Few genetic markers are used routinely to predict clinical effectiveness and toxic effects despite the fact that physicians and their patients are consistently confronted with this balance. Because one of the goals of pharmacogenomics is to identify individuals and target populations that might have adverse outcomes, pharmaceutical companies have been reluctant to use a strategy that might identify patients who are not eligible for a particular treatment. This view is changing because drug-discovery programmes and treatments that target specific pathways, are showing improvements in surrogate and survival endpoints. HIV and cancer are now regarded as chronic diseases, which commonly need life-long systemic treatment from the time of diagnosis. HIV and cancer medicine have used pharmacogenomics to some extent in clinical care.

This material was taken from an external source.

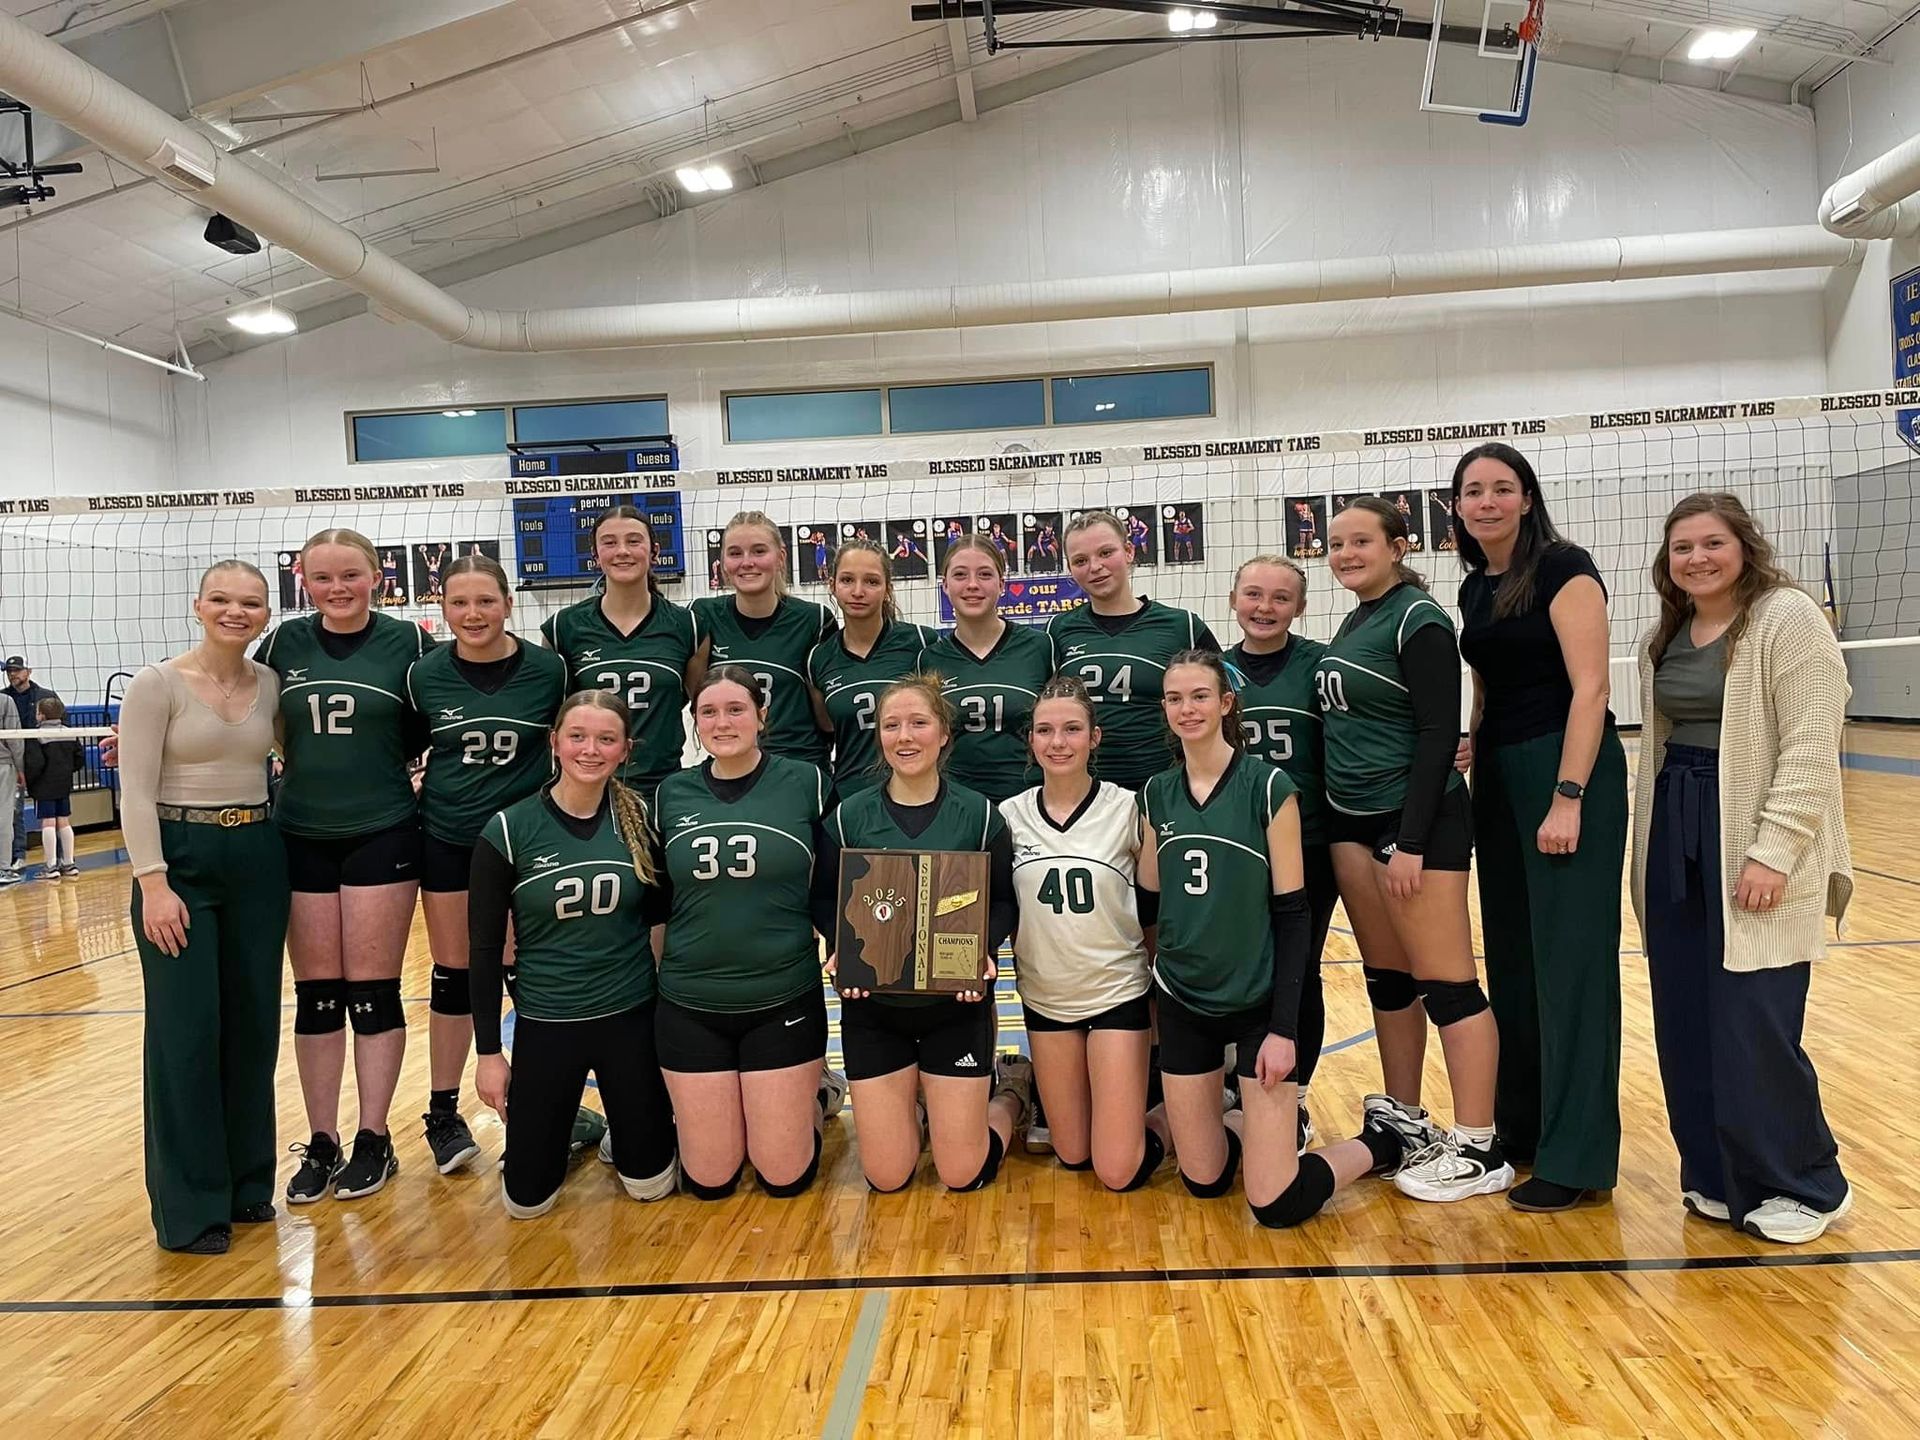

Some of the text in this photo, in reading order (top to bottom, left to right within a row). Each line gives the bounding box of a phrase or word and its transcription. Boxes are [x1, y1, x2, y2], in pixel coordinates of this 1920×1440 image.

Common and classic features of pharmacogenomics that are related to both antiretroviral treatment and to cytotoxic treatment are discussed in this review, providing a framework for individual treatment of these diseases.
机译:尽管医师及其患者始终面临这种平衡,但很少有遗传标记被常规用于预测临床效果和毒性作用。因为药物基因组学的目标之一是识别可能有不良结果的个体和目标人群,所以制药公司一直不愿使用可能识别不适合特定治疗方法的患者的策略。这种观点正在发生变化,因为针对特定途径的药物发现计划和治疗显示出替代和生存终点的改善。 HIV和癌症现在被视为慢性疾病,从诊断开始,通常需要终身进行全身性治疗。 HIV和癌症医学在临床护理中已在某种程度上使用了药物基因组学。在这篇综述中讨论了与抗逆转录病毒治疗和细胞毒性治疗有关的药物基因组学的共同和经典特征,为这些疾病的个体治疗提供了框架。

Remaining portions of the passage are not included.